The Witch Dance of the Natchez Trace, Mississippi

Witch Dance on the Natchez Trace Parkway by Kathy Alexander.

Witch Dance on the Natchez Trace Parkway by Kathy Alexander.

The Witch by Jack Prelutsky
She comes by night, in fearsome flight,
In garments black as pitch,
the queen of doom upon her broom,
the wild and wicked witch,

a crackling crone with brittle bones
and dessicated limbs,
two evil eyes with warts and sties
and bags about the rims,

a dangling nose, ten twisted toes
and fold of shriveled skin,
cracked and chipped and crackled lips
that frame a toothless grin.

She hurtles by, she sweeps the sky
and hurls a piercing screech.
As she swoops past, a spell is cast
on all her curses reach.

Take care to hide when the wild witch rides
to shriek her evil spell.
What she may do with a word or two
is much too grim to tell.

Just south of Tupelo, Mississippi is a sign on the Natchez Trace Parkway which reads “Witch Dance.” The very name conjures visions of swirling black capes, eerie moonlight in a shadowed forest, and a cauldron of bubbling potion over a roaring fire. Was it so? Local legend says, “yes!” Though the site serves as a campground today, tales of danger have persisted for centuries, allegedly making it one of the most haunted places in the Magnolia State.

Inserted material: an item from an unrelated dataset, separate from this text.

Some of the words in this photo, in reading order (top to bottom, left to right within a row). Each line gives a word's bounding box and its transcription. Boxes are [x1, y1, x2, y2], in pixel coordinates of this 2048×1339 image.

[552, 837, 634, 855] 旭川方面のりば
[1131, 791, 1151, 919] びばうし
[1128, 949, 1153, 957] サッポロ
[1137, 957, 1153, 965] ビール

The original inhabitants of the area were of the Hopewell culture, who were comprised of groups of related bands that flourished from about 200 BC to 500 AD. Later, many of their descendants would join the Chickasaw and Choctaw tribes. The superstition and mysteries of the Trace are as old as these earliest known inhabitants. Native American lore tells that the Hopewell Indians escaped to the area during oppressive times in Mexico, carrying the bones of their ancestors with them. Many of these bones became part of the great mounds built in the Natchez Trace area.

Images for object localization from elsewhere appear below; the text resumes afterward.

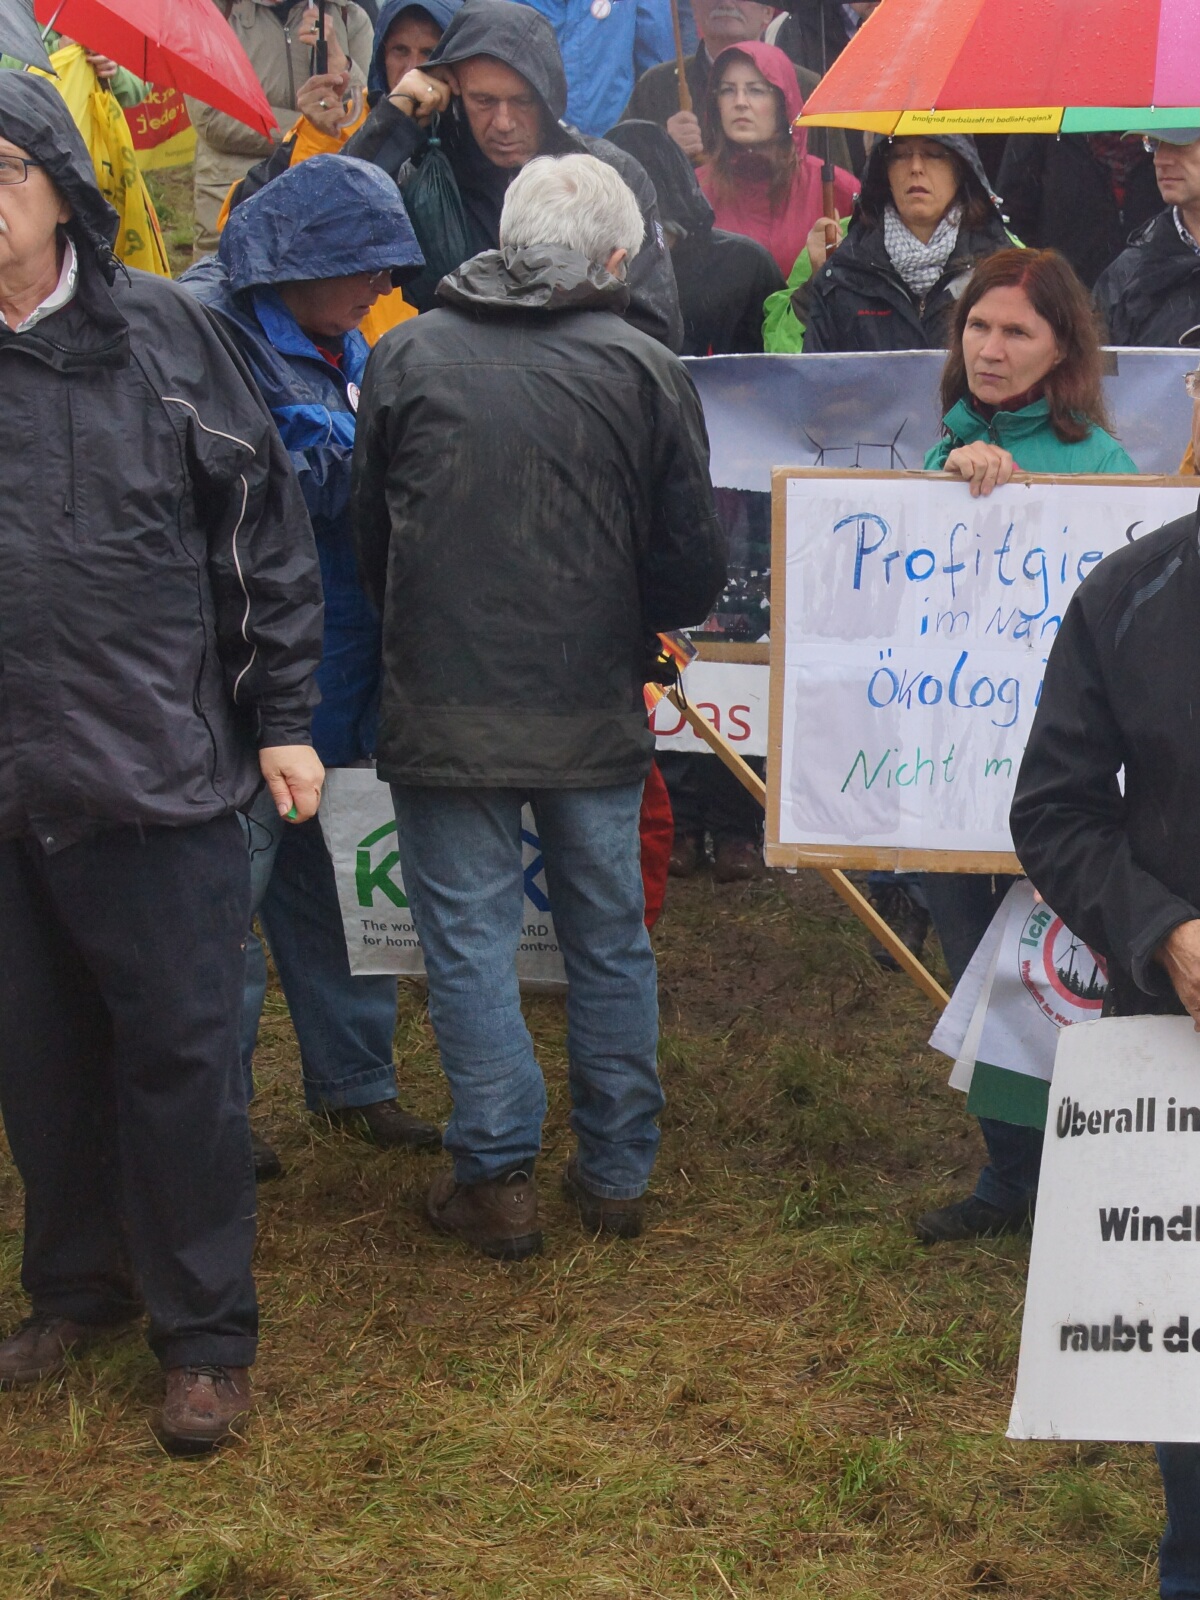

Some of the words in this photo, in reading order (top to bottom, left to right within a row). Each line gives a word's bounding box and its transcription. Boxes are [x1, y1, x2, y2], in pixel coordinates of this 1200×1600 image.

[833, 512, 1104, 620] Profitgie
[920, 597, 970, 636] im
[840, 743, 956, 793] Nicht
[361, 919, 387, 931] The
[391, 922, 416, 932] wor
[363, 934, 382, 946] for
[517, 942, 558, 953] ontro
[1020, 910, 1052, 948] Ich
[1056, 1097, 1156, 1139] Überall
[1059, 1315, 1153, 1353] raubt

This paleo-Indian group first inhabited the area around Witch Dance and was responsible for constructing the Bynum Mounds, located between Witch Dance and Houston, Mississippi. According to legend, their leader, carrying a sacred bag and a medicine stick, and accompanied by a white dog, guided them on their journey. Each night, the leader would plant the medicine stick in the ground and they would encamp it that place. During their stay, the pole would alter its position, a signal that it was time to continue their journey. Whichever way it pointed, the people followed. The white dog would lead them to berries and food along the way.

A witch dance

A witch dance

Eventually, the stick pointed straight up, indicating they had arrived at their new home. The people buried the bones of their ancestors in mounds, which would grow larger over the years. Two of the men in this group were brothers named Chata and Chicksah. Sometime later, the brothers discovered that the land could not support all of the people. Chicksah took half the people, departed to the North, and eventually became the Chickasaw tribe. Chatah and the others remained near the mound and are now known as the Choctaw.

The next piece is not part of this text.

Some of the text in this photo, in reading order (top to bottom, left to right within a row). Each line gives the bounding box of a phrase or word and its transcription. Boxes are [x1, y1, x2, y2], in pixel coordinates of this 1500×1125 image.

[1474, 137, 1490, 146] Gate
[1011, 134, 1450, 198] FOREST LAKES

Perhaps because the area was already steeped in legend and superstition, witches later began to gather at the place called “Witch Dance” for nighttime ceremonies. Celebrating and improving their “abilities,” they would feast and dance throughout the night. Lore has it that the grass would wither and die where their feet touched the ground during their dances, never to grow again. Who these witches were or from where they came remains a mystery.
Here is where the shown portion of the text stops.